Pernyataan KIP yang menyebutkan anggaran belum tersedia, menurut Sultan, adalah penghinaan terhadap nalar publik. “Kalau tidak ada anggaran, bagaimana proses bisa berjalan? Kami bekerja sesuai perintah, sesuai kontrak moral dan hukum negara, tapi setelah itu hak kami dilucuti,” katanya geram. Ia menyebut kondisi ini sebagai bentuk pelecehan terhadap semangat reformasi dan pengkhianatan terhadap nilai-nilai demokrasi.
Masalah ini bukan hanya soal nominal rupiah. Sultan menekankan bahwa yang sedang diperjuangkan adalah integritas sistem demokrasi dan keadilan bagi setiap penyelenggara pemilu yang bekerja di lapangan. “Ini bukan sekadar gaji. Ini soal martabat kami. Soal harga diri sebagai pelaksana demokrasi,” tegasnya.
Kondisi ini telah memicu keresahan luas di kalangan PPS se-Aceh Timur. Sultan menyerukan seluruh anggota PPS dan sekretariat desa untuk bersatu dan menyuarakan hak-haknya. Ia meminta mereka tidak takut melawan ketidakadilan. “Jangan biarkan hak kita dirampas. Jangan biarkan demokrasi kita dipermalukan oleh oknum yang bermain di belakang meja,” ujarnya lantang.

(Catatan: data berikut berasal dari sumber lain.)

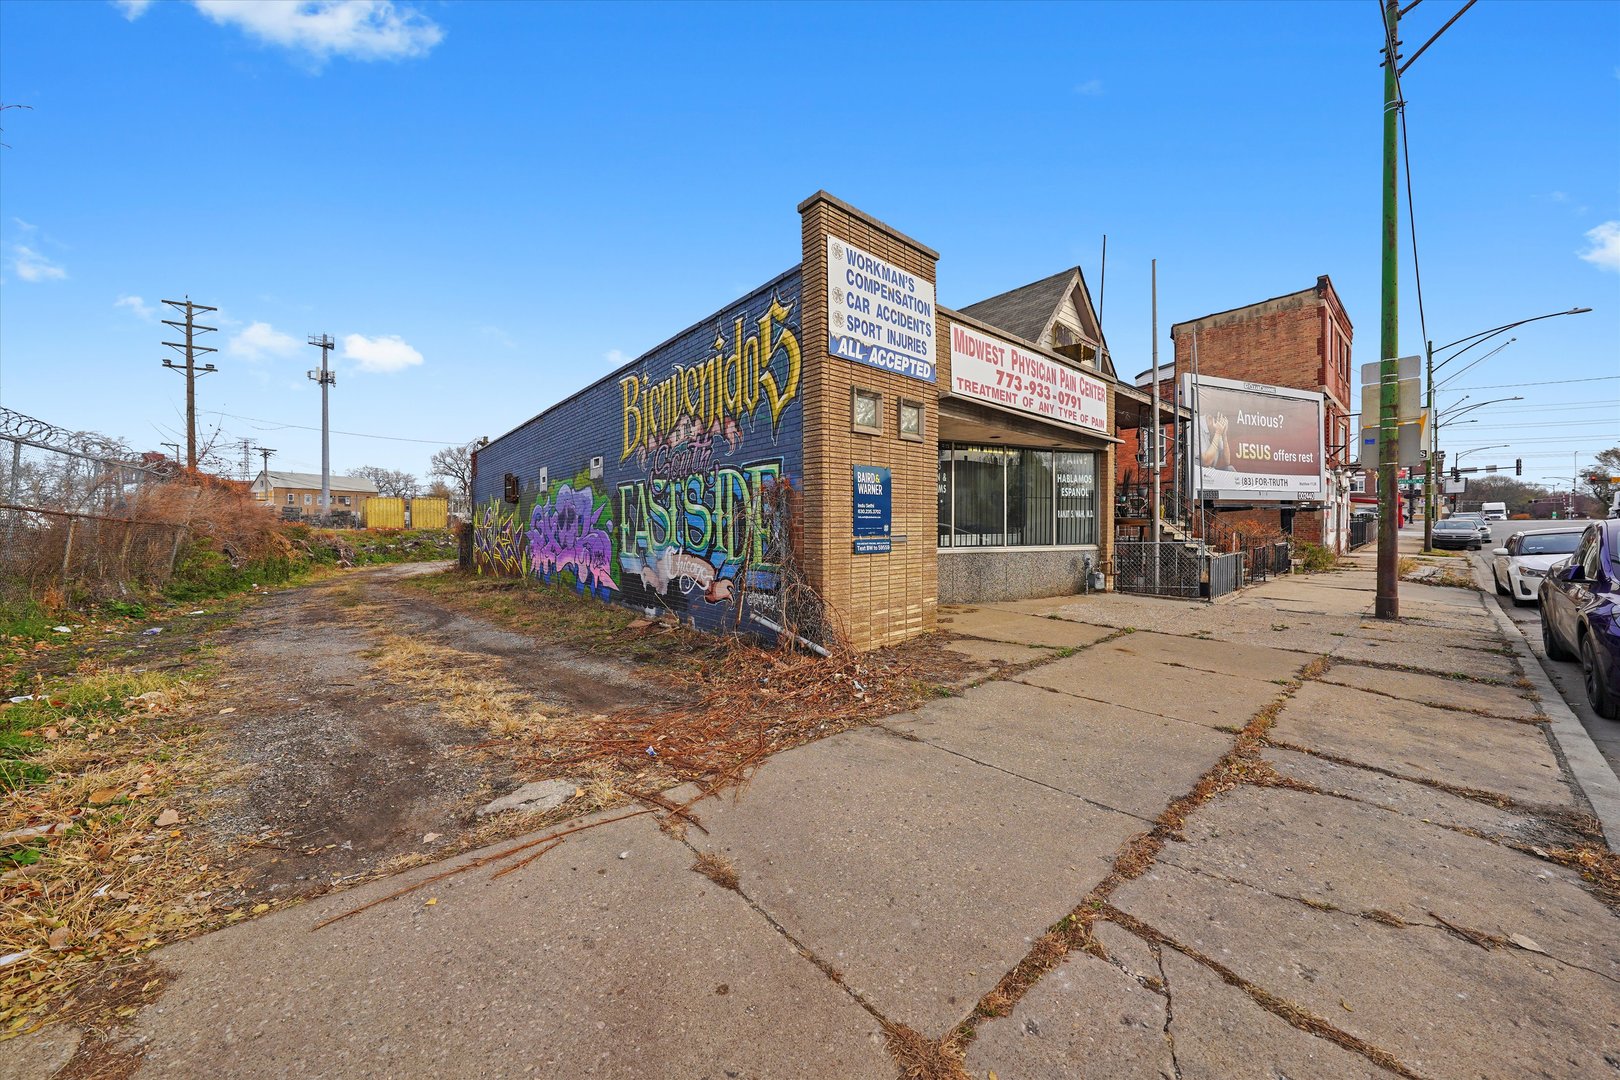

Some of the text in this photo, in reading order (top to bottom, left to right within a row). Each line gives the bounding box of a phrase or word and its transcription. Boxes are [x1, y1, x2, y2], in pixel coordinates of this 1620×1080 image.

[846, 247, 915, 293] WORKMAN'S
[846, 268, 931, 318] COMPENSATION
[846, 292, 932, 338] CAR ACCIDENTS
[846, 314, 928, 356] SPORT INJURIES
[836, 338, 931, 378] ALL ACCEPTED
[954, 326, 1106, 402] MIDWEST PHYSICIAN PAIN CENTER
[956, 377, 1105, 428] TREATMENT OF ANY TYPE OF PAIN
[1236, 410, 1284, 429] Anxious?
[1062, 454, 1087, 464] PAIN?
[1236, 442, 1314, 463] JESUS offers rest
[857, 472, 875, 484] BAIRD
[858, 483, 883, 496] WARNER
[1057, 474, 1092, 483] HABLAMOS
[1242, 478, 1288, 487] (83) FOR-TRUTH
[665, 546, 714, 594] Chicago
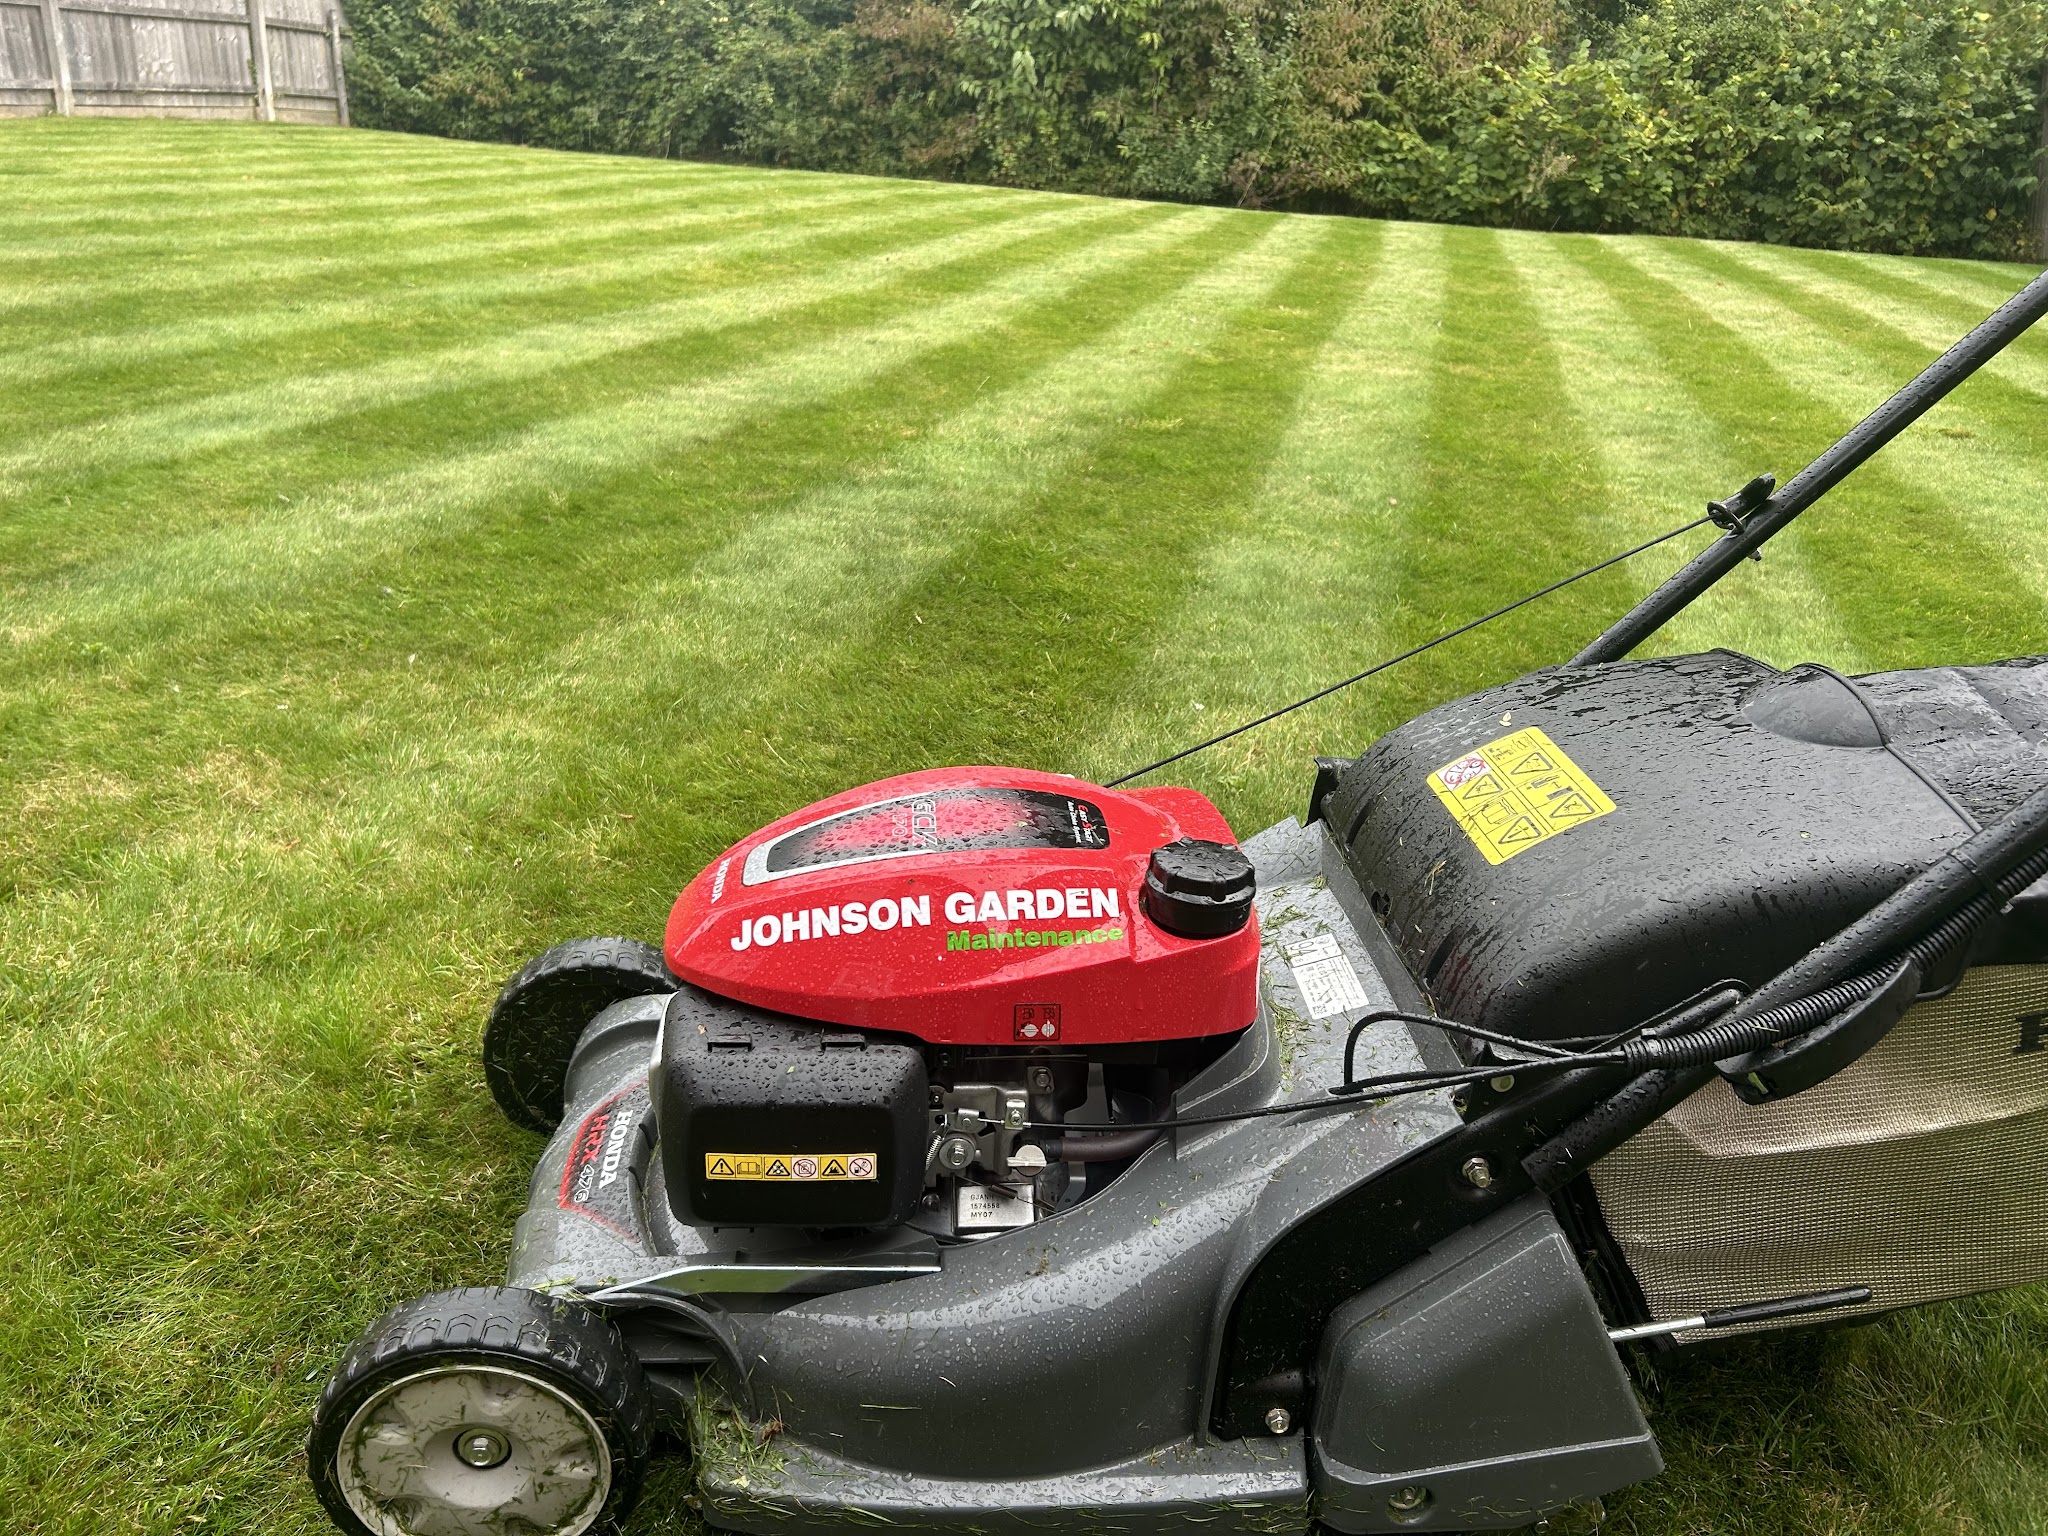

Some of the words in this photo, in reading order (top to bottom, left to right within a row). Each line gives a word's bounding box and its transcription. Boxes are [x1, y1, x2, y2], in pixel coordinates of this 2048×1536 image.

Bila tidak ada tindak lanjut, Sultan berjanji akan memobilisasi aksi besar-besaran di depan Gedung DPRK Aceh Timur dan kantor Aparat Penegak Hukum. “Kalau ini tidak diselesaikan, kami akan turun ke jalan. Kami akan bersuara keras untuk menyelamatkan wajah demokrasi dan menggugat siapa pun yang mempermainkan nasib kami,” pungkas Sultan, yang juga menjabat sebagai Bendahara Sapma Pemuda Pancasila Aceh Timur.
Sampai berita ini diturunkan, KIP Aceh Timur belum memberikan pernyataan resmi. Tak ada penjelasan rinci soal berapa jumlah total gaji yang belum dibayarkan, berapa lama keterlambatannya, atau di mana letak hambatannya.
Komnas HAM Aceh juga belum mengeluarkan tanggapan resmi atas pengaduan yang masuk. Namun sejumlah pemerhati pemilu menilai, kasus ini membuka borok lama tentang lemahnya manajemen transparansi anggaran di tubuh penyelenggara pemilu di daerah. Bila benar ada unsur KKN, maka kasus ini bisa menjadi pintu masuk bagi aparat penegak hukum untuk melakukan audit menyeluruh terhadap realisasi anggaran Pilkada 2024 di Aceh Timur.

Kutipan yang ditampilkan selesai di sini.